We'll add an output called tmp_out_unsortedbam
, and use markduplicates.out
as the source.
To add this output to your workflow, add the following line to your code:
w.output("tmp_out_unsortedbam", Bam, source=w.markduplicates.out)
Now that we've implemented part of our workflow, let's test that it's working so far!
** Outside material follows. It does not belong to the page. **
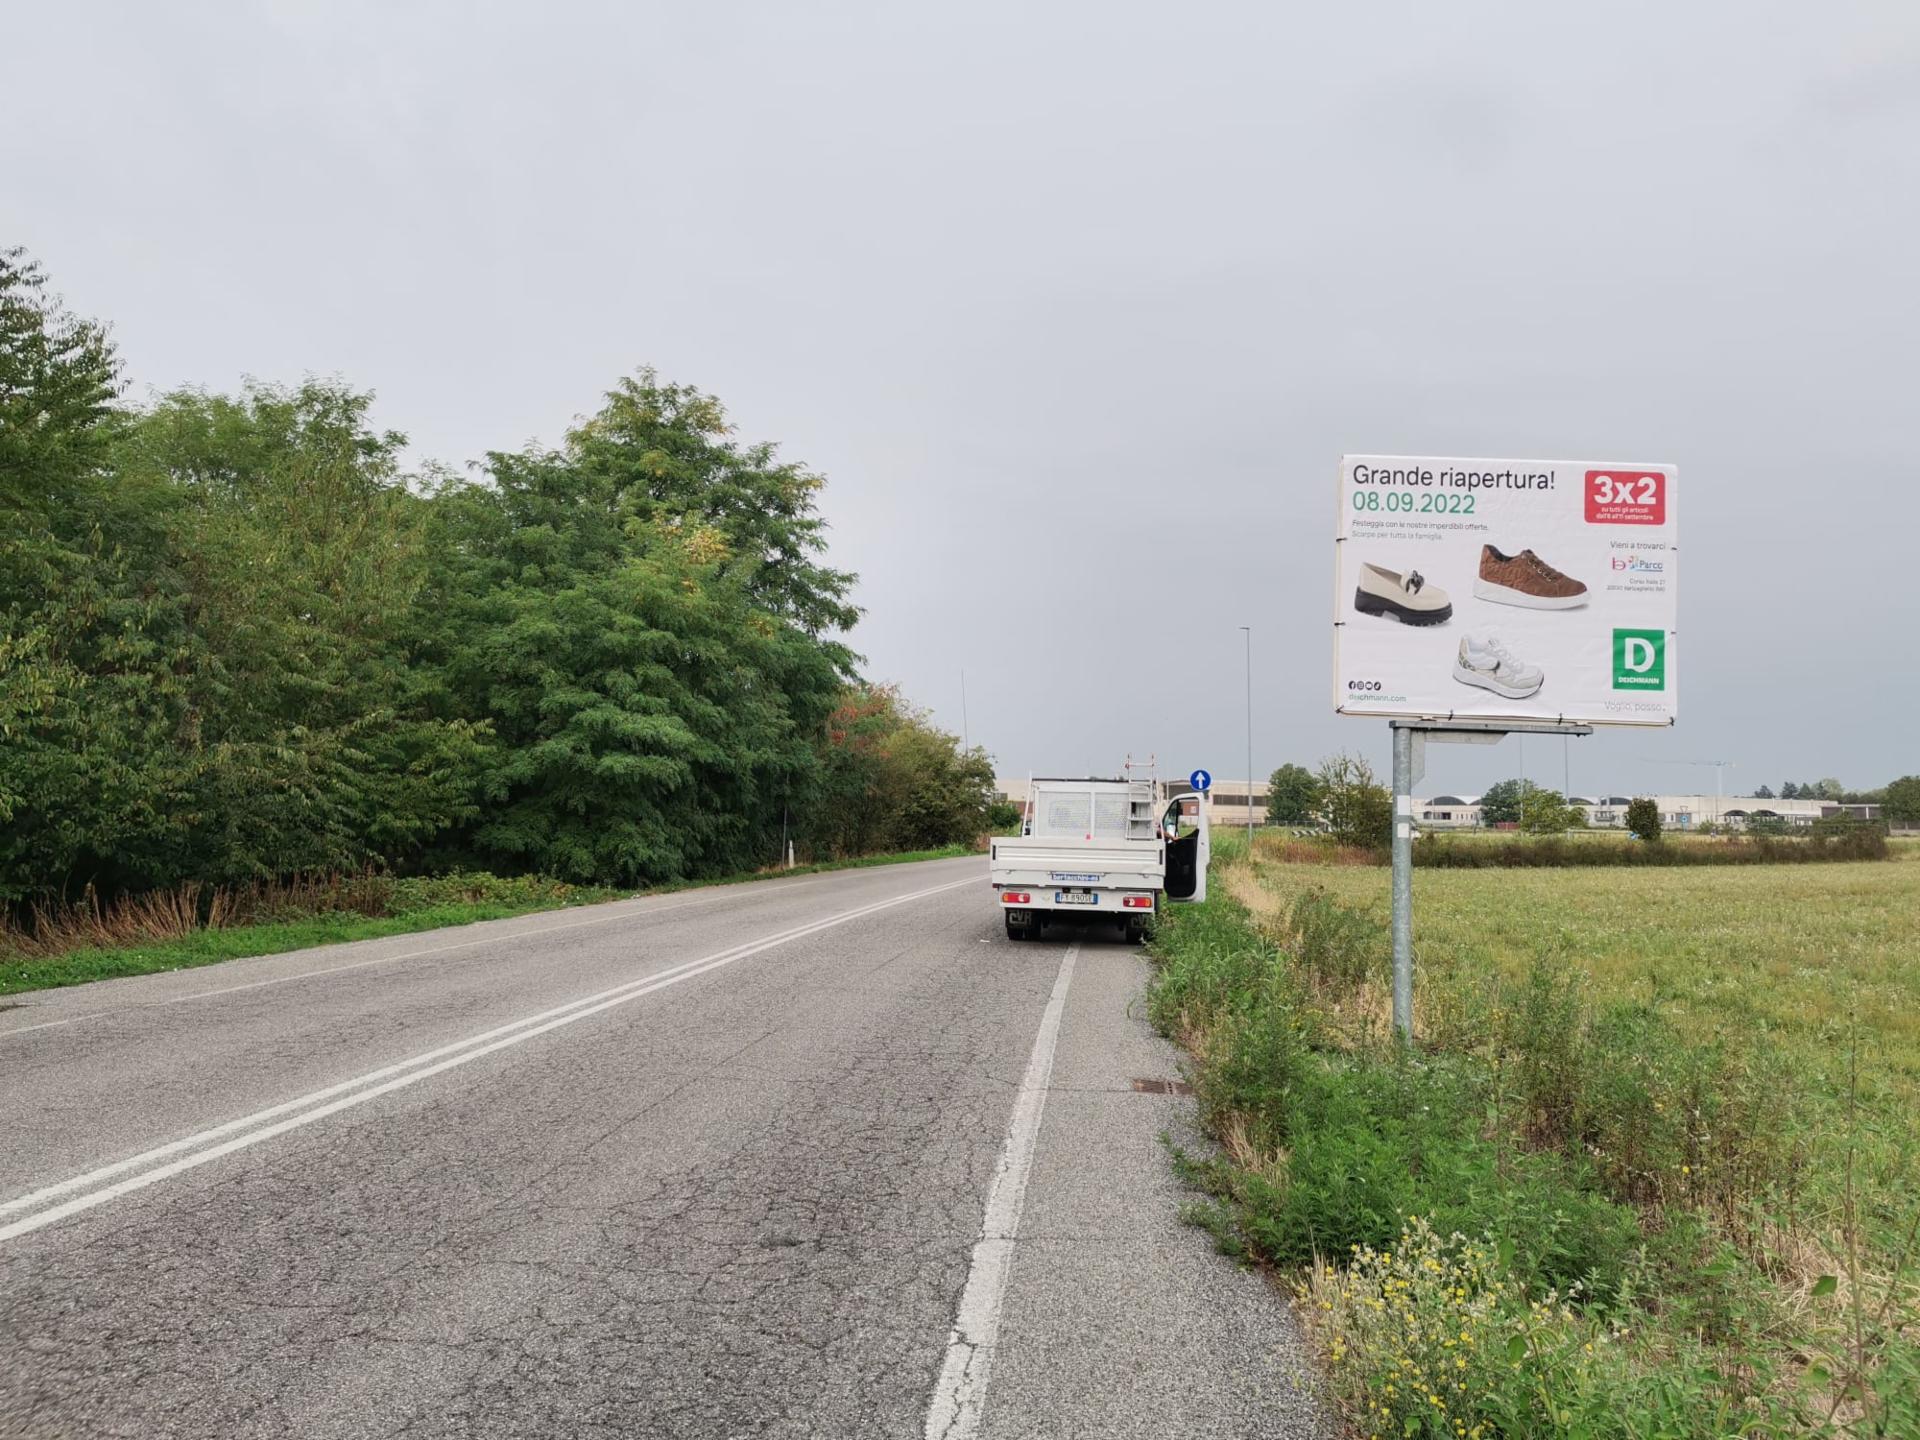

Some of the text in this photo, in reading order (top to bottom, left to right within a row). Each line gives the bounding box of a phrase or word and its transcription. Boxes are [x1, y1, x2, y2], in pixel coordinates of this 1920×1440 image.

Although we're using CWL to run the tools, because we've written out analysis in Janis, we can also translate to WDL for free! You can translate your workflow to Janis using:
# in bash now
janis translate part1/preprocessing.py wdl
version development
import "tools/bwamem_v0_7_15.wdl" as B
import "tools/SamToolsView_1_9_0.wdl" as S
import "tools/Gatk4MarkDuplicates_4_1_4_0.wdl" as G
workflow preprocessingWorkflow {
input {
String sample_name
String read_group
Array[File] fastq
File reference
File reference_fai
File reference_amb
File reference_ann
File reference_bwt
File reference_pac
File reference_sa
File reference_dict
Boolean? bwamem_markShorterSplits = true
String? markduplicates_assumeSortOrder = "queryname"
}
call B.bwamem as bwamem {
input:
reference=reference,
reference_amb=reference_amb,
reference_ann=reference_ann,
reference_bwt=reference_bwt,
reference_pac=reference_pac,
reference_sa=reference_sa,
reads=fastq,
readGroupHeaderLine=read_group,
markShorterSplits=select_first([bwamem_markShorterSplits, true])
}
call S.SamToolsView as samtoolsview {
input:
sam=bwamem.out
}
call G.Gatk4MarkDuplicates as markduplicates {
input:
bam=[samtoolsview.out],
assumeSortOrder=select_first([markduplicates_assumeSortOrder, "queryname"])
}
output {
File tmp_out_unsortedbam = markduplicates.out
}
}
You can export the CWL translation too!
We're looking good! Now let's run the worfklow using Janis and CWLTool. We'll include the --development
flag, as when we re-run the pipeline, it won't recompute steps we've already ran!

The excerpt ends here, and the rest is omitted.